To illustrate their effects on syscomments , we created two procedures ”one encrypted and one not ”in the following example:

 CREATE PROCEDURE cleartext  AS  SELECT * FROM authors GO CREATE PROCEDURE hidetext WITH ENCRYPTION AS  SELECT * FROM authors GO SELECT sysobjects.name, sysobjects.id,        number, colid, texttype, language, text FROM syscomments, sysobjects WHERE sysobjects.id=syscomments.id AND (sysobjects.id=OBJECT_ID('hidetext') OR  sysobjects.id=OBJECT_ID('cleartext')) 

Here's the output:

 name       id          number colid  texttype language text       ---------- ----------- ------ ------ -------- -------- -----------------------  cleartext  110623437   1      1      2        0        CREATE PROCEDURE  cleartext  AS  SELECT * FROM authors hidetext   126623494   1      1      6        0        ??????????????????????? ????????????????????? ????????????????????? ??????????????? 

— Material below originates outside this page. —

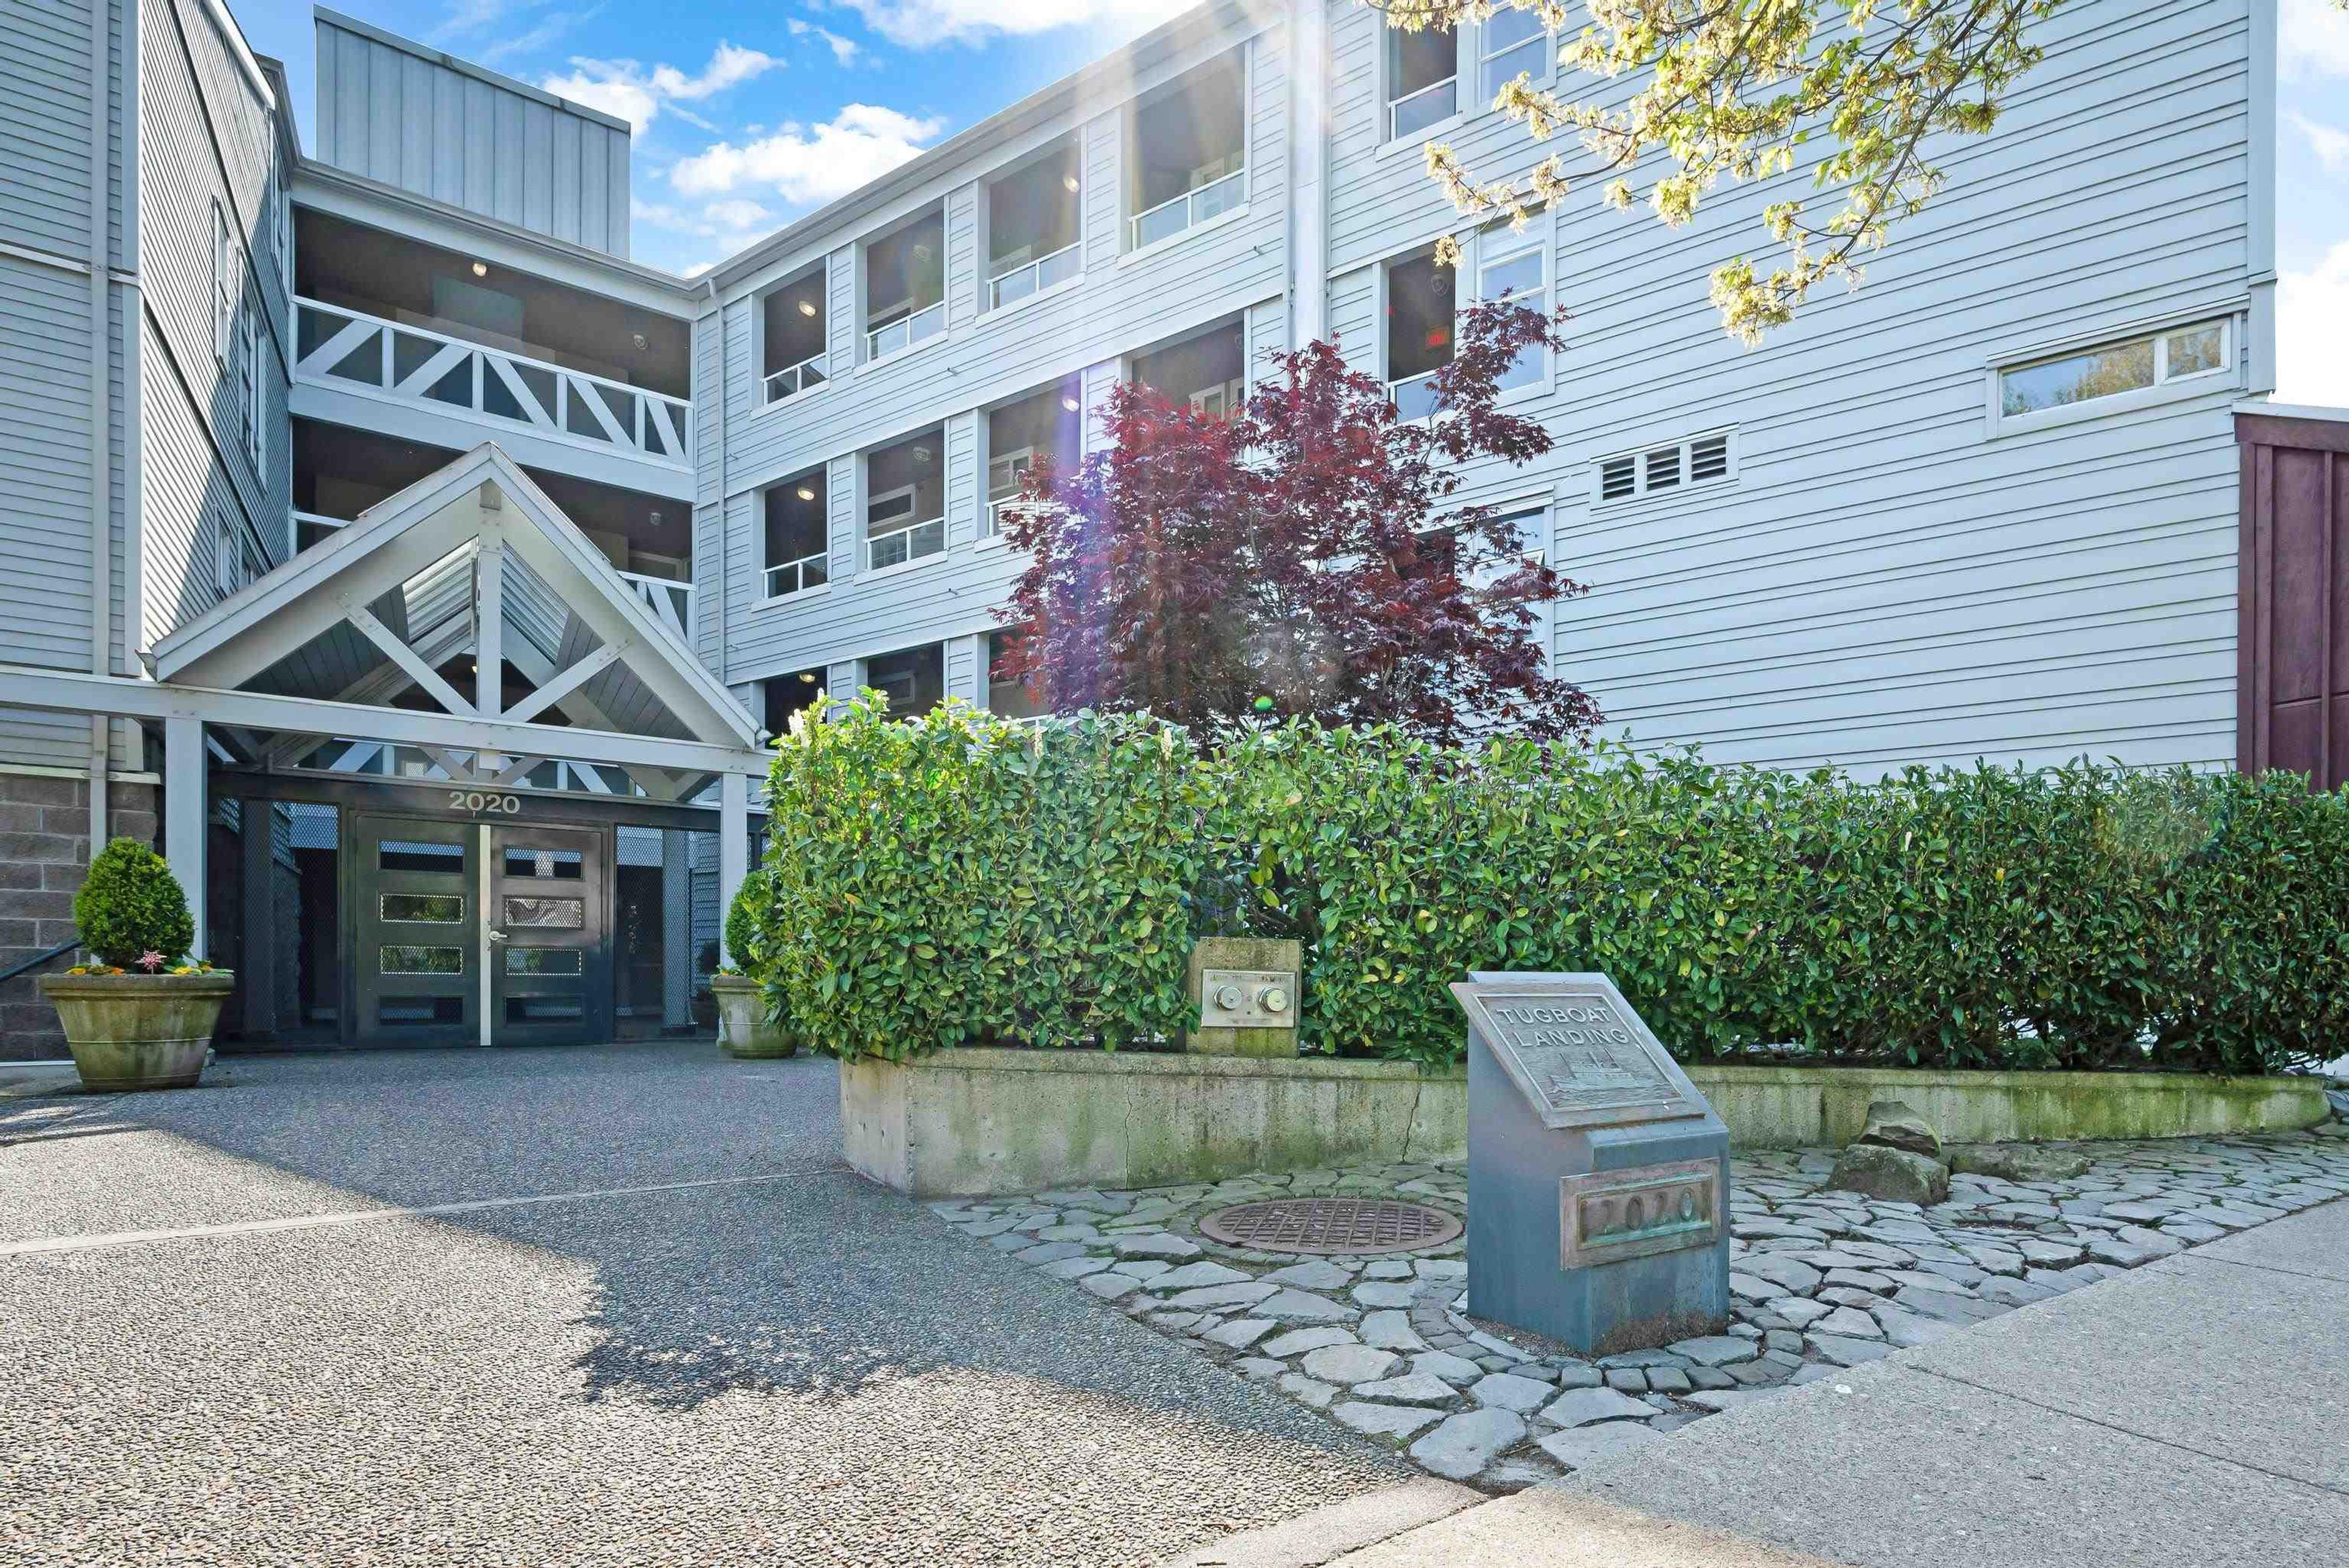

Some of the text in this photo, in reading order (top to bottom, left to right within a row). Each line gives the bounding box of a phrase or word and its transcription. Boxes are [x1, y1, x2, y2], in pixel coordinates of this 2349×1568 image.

[449, 791, 520, 814] 2020
[1496, 1007, 1611, 1024] TUGBOAT
[1513, 1029, 1629, 1047] LANDING

To find created objects that have encrypted text, you can use a simple query:

 -- Find the names and types of objects that have encrypted text SELECT name, texttype FROM syscomments, sysobjects WHERE sysobjects.id=syscomments.id AND texttype & 4 > 0 

Here's the output:

 name      texttype --------  -------- hidetext  6 

If you try to run sp_helptext against an encrypted procedure, it will return a message stating that the text is encrypted and can't be displayed:

 EXEC sp_helptext 'hidetext' The object's comments have been encrypted. 

Altering a Stored Procedure

SQL Server 7 allows you to alter the definition of a stored procedure. The syntax is almost identical to the syntax for creating the procedure initially, except that the keyword CREATE is replaced by the keyword ALTER.

The big difference is that the procedure_name used with ALTER PROCEDURE must already exist, and the definition specified replaces whatever definition the procedure had before. Just like when using the ALTER VIEW command, the benefit of ALTER PROCEDURE comes from the fact that the procedure's object_id won't change, so all the internal references to this procedure will stay intact. If other procedures reference this one, they'll be unaffected. If you've assigned permissions on this procedure to various users and roles, dropping the procedure removes all permission information. Altering the procedure keeps the permissions intact.

Temporary Stored Procedures

Temporary stored procedures allow an execution plan to be cached, but the object's existence and the text of the procedure are stored in the temporary database ( tempdb ) system tables ”in sysobjects and syscomments . Recall that tempdb is re-created every time SQL Server is restarted, so these objects don't exist after SQL Server is shut down. During a given SQL Server session, you can reuse the procedure without permanently storing it. If you are familiar with the PREPARE/EXECUTE model used by several other products, especially with the Embedded SQL programming paradigm, you know that temporary procedures use a similar model.

Typically, you use a temporary stored procedure when you want to regularly execute the same task several times in a session, although you might use different parameter values, and you don't want to permanently store the task. You could conceivably use a permanent stored procedure and drop it when you're finished, but you'd inevitably run into cleanup issues if a stored procedure were still hanging around and the client application terminated without dropping the procedure. Because temporary stored procedures are deleted automatically when SQL Server is shut down (and tempdb is created anew at startup), cleanup isn't an issue.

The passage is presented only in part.